▶ REQUIRED WORK: Please retype the data below in full.

Items from a data source:

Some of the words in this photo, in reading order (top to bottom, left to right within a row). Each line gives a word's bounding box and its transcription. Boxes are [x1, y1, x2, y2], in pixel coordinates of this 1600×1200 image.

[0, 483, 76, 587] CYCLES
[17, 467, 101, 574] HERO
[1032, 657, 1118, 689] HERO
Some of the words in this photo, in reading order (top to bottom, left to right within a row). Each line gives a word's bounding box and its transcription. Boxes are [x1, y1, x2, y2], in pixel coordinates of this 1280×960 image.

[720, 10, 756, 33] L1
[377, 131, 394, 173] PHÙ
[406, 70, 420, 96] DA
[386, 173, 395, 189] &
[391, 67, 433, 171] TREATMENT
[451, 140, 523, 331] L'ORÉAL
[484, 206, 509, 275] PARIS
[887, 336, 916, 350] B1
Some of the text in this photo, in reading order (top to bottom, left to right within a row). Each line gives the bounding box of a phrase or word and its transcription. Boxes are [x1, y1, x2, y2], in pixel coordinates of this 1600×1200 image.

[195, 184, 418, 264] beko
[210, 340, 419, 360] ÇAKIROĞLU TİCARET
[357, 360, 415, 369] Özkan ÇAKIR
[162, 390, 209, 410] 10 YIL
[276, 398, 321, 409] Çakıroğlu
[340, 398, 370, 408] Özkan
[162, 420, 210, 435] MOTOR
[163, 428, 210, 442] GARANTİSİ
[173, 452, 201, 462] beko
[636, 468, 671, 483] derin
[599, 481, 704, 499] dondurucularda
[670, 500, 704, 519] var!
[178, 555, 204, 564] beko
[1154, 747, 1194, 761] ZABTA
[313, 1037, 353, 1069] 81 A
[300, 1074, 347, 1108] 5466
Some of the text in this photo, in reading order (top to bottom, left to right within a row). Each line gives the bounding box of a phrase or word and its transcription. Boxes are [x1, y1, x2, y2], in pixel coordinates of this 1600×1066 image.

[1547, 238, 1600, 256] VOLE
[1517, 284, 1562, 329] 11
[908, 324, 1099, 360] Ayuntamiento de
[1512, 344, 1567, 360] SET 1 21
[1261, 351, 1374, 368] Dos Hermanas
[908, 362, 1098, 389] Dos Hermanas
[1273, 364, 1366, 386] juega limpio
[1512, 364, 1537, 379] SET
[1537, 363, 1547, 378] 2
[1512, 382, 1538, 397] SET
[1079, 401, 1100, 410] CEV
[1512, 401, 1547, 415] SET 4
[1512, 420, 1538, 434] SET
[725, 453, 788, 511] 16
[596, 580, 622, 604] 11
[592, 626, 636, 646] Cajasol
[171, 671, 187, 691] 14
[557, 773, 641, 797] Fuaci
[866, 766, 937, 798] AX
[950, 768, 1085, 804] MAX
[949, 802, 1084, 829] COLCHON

▶ ANSWER TO THE EXERCISE:
Some of the words in this photo, in reading order (top to bottom, left to right within a row). Each line gives a word's bounding box and its transcription. Boxes are [x1, y1, x2, y2], in pixel coordinates of this 1600×1200 image.

[0, 483, 76, 587] CYCLES
[17, 467, 101, 574] HERO
[1032, 657, 1118, 689] HERO
Some of the words in this photo, in reading order (top to bottom, left to right within a row). Each line gives a word's bounding box and its transcription. Boxes are [x1, y1, x2, y2], in pixel coordinates of this 1280×960 image.

[720, 10, 756, 33] L1
[377, 131, 394, 173] PHÙ
[406, 70, 420, 96] DA
[386, 173, 395, 189] &
[391, 67, 433, 171] TREATMENT
[451, 140, 523, 331] L'ORÉAL
[484, 206, 509, 275] PARIS
[887, 336, 916, 350] B1
Some of the text in this photo, in reading order (top to bottom, left to right within a row). Each line gives the bounding box of a phrase or word and its transcription. Boxes are [x1, y1, x2, y2], in pixel coordinates of this 1600×1200 image.

[195, 184, 418, 264] beko
[210, 340, 419, 360] ÇAKIROĞLU TİCARET
[357, 360, 415, 369] Özkan ÇAKIR
[162, 390, 209, 410] 10 YIL
[276, 398, 321, 409] Çakıroğlu
[340, 398, 370, 408] Özkan
[162, 420, 210, 435] MOTOR
[163, 428, 210, 442] GARANTİSİ
[173, 452, 201, 462] beko
[636, 468, 671, 483] derin
[599, 481, 704, 499] dondurucularda
[670, 500, 704, 519] var!
[178, 555, 204, 564] beko
[1154, 747, 1194, 761] ZABTA
[313, 1037, 353, 1069] 81 A
[300, 1074, 347, 1108] 5466
Some of the text in this photo, in reading order (top to bottom, left to right within a row). Each line gives the bounding box of a phrase or word and its transcription. Boxes are [x1, y1, x2, y2], in pixel coordinates of this 1600×1066 image.

[1547, 238, 1600, 256] VOLE
[1517, 284, 1562, 329] 11
[908, 324, 1099, 360] Ayuntamiento de
[1512, 344, 1567, 360] SET 1 21
[1261, 351, 1374, 368] Dos Hermanas
[908, 362, 1098, 389] Dos Hermanas
[1273, 364, 1366, 386] juega limpio
[1512, 364, 1537, 379] SET
[1537, 363, 1547, 378] 2
[1512, 382, 1538, 397] SET
[1079, 401, 1100, 410] CEV
[1512, 401, 1547, 415] SET 4
[1512, 420, 1538, 434] SET
[725, 453, 788, 511] 16
[596, 580, 622, 604] 11
[592, 626, 636, 646] Cajasol
[171, 671, 187, 691] 14
[557, 773, 641, 797] Fuaci
[866, 766, 937, 798] AX
[950, 768, 1085, 804] MAX
[949, 802, 1084, 829] COLCHON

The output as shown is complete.